2:羽根ペン ◆u/aQt5mEvU[saga sage]
2018/02/07(水) 01:01:23.54 ID:lmMr3uKB0
アーレ歴248年花の月22日
今日から私は日記をつけることにした。理由としては覚えきれないことを多く遺しておくためだ。と言うのも、私は明日から旅に出るつもりだからだ。
そんな日記なので初めに旅に出る理由でも書いておこう。
私は今年の花の月の一番初めに騎士団を辞した。理由は様々だが、とりあえず辞めた。しかし、そこからがかなり問題だったのだ。騎士団をやめ、一つの所に落ち着くことで様々な所から色々な話が舞い込んできたのだ。

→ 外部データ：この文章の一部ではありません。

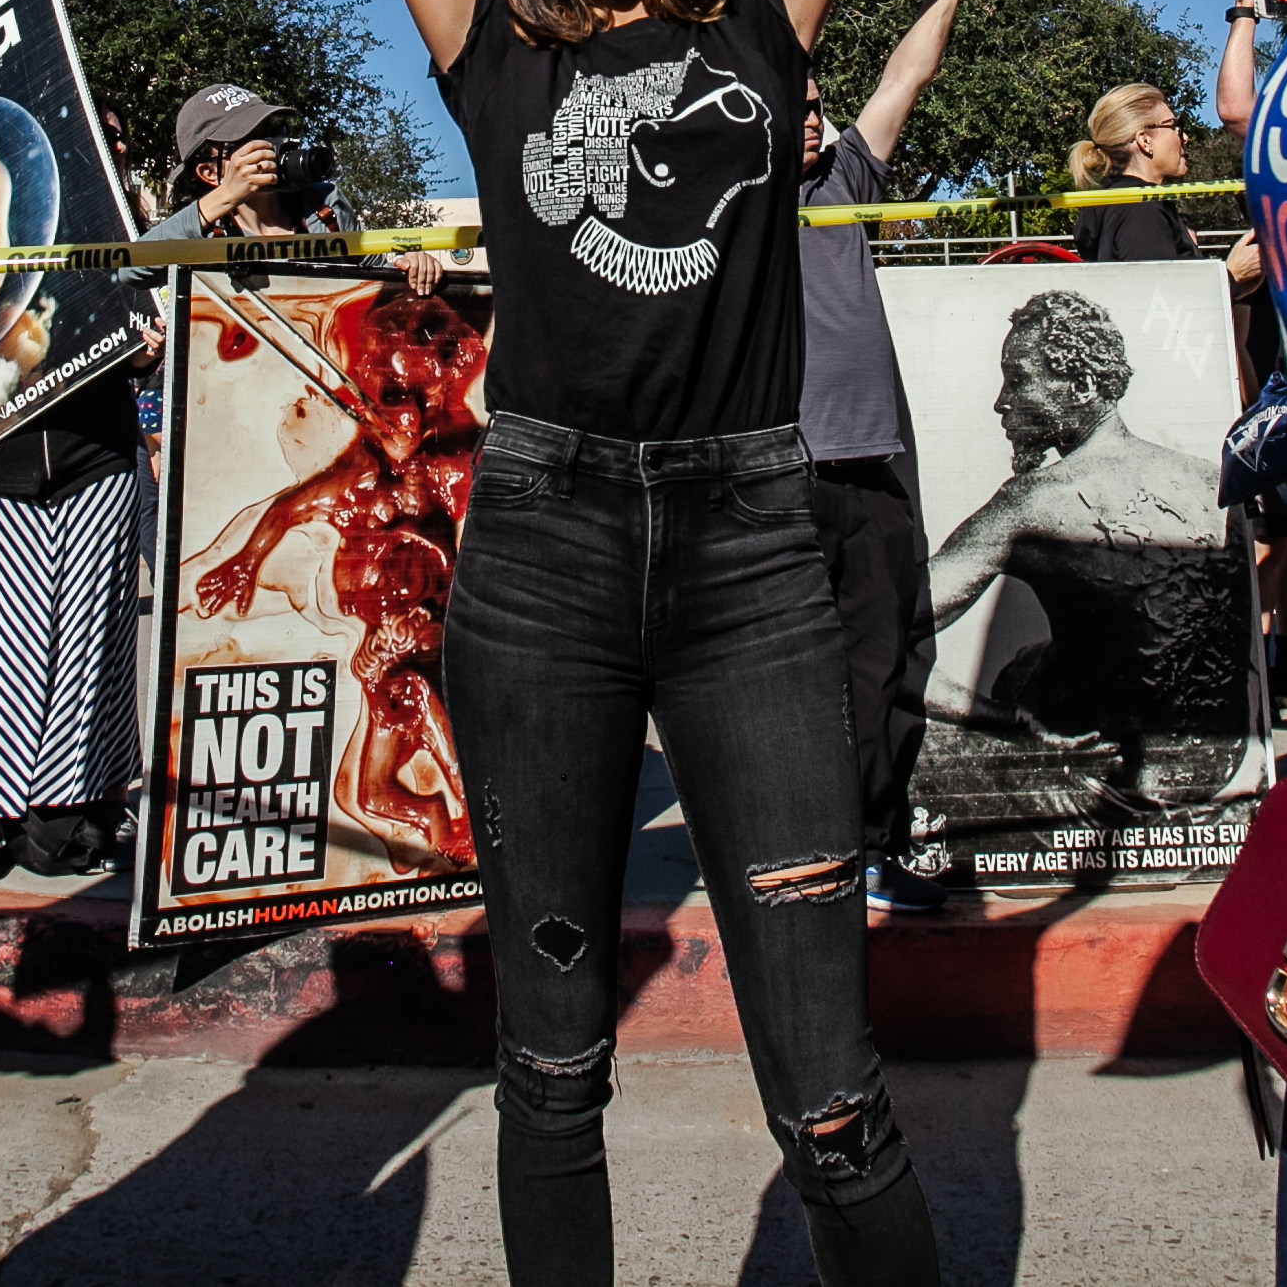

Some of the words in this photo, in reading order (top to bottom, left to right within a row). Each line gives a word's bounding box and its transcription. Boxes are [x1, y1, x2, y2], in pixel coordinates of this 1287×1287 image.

[586, 104, 639, 119] FEMINIST
[552, 107, 570, 156] RIGHTS
[567, 104, 586, 145] EQUAL
[585, 116, 631, 137] VOTE
[584, 136, 629, 149] DISSENT
[523, 158, 552, 173] FEMINIST
[567, 146, 586, 197] RIGHTS
[585, 164, 630, 183] FIGHT
[523, 169, 554, 195] VOTE
[553, 159, 570, 198] CIVIL
[587, 182, 606, 194] FOR
[608, 182, 628, 194] THE
[592, 193, 628, 205] THINGS
[195, 670, 279, 714] THIS
[291, 668, 327, 707] IS
[191, 711, 325, 787] NOT
[187, 781, 320, 829] HEALTH
[1053, 829, 1107, 849] EVERY
[1112, 828, 1145, 847] AGE
[1149, 826, 1184, 846] HAS
[1188, 825, 1215, 845] ITS
[1219, 824, 1249, 843] EVI
[183, 823, 317, 885] CARE
[975, 853, 1029, 873] EVERY
[1033, 851, 1068, 871] AGE
[1072, 850, 1107, 870] HAS
[1112, 849, 1138, 869] ITS

今思ったのだが、さすがにこれは後々まで覚えていそうだな。
まあ、毎日何かしら話が舞い込んでくるのが実に辟易とするもので、中には少しムッとするものもあった。と言うわけで、そういう雑事から逃げようと思った次第である。
駄目だ。書くのが難しい。
ひとつ、書いておかないといけない事がある。
雑事から逃げ出すことは単なるきっかけにすぎないこと。私は元々世界の色々な景色を見て回りたかった。その願望があったからこそ、国中を回る騎士団に入団したということ。雑事があってもなくても旅に出る可能性が高かったということ。
旅に出る理由等はこれくらいでいいだろうか。
因みに、旅に出る旨を伝えた人は長年私に仕えてくれ、屋敷を守ってくれたエリ一人だけだ。
エリのことも書いておこう。彼女は私の幼馴染で、田舎から出て騎士団に入団することになった私を追いかけてきた人である。最初私は寮暮らしだったので、彼女は寮の食堂に入って色々な手伝いをしていた。時々、私の寮室に突撃してきたことはここに書いておいてやろう。そして、私がそれなりの地位になって寮を出て屋敷を建てることになった時、彼女は当然のように屋敷の使用人のトップの地位に居座った。
私が戦争に出向くときでも魔物討伐に出向くときでも、彼女はただ「行ってらっしゃいませ。帰還をお待ちしております」と言ってくれた。この言葉がどれほどうれしかったことか、これは筆舌に尽くしがたい。
そして、今回の旅の事を話した時はただ「そうですか」と言っていた。長い旅になり、エリを連れていけない事。それを伝えた時も「そうですか」とだけ言った。私はその言葉の裏にある彼女の感情を推察することはできても、知ることはできない。彼女は「行かないでくれ」とも「無理にでも連れて行ってくれ」とも言わなかった。今は、いや、これからもそれに甘えて、旅に出ようと思う。
せめてもの贐として家や財産のすべては彼女に譲渡することにした。賢い彼女のことだ、うまく活用してくれるだろう。
明日、朝日が昇ってから出発だ。今日は早めに寝ることにする。
毎日日記を書くかはわからないが、最初の内は頻繁に書こうとは思う。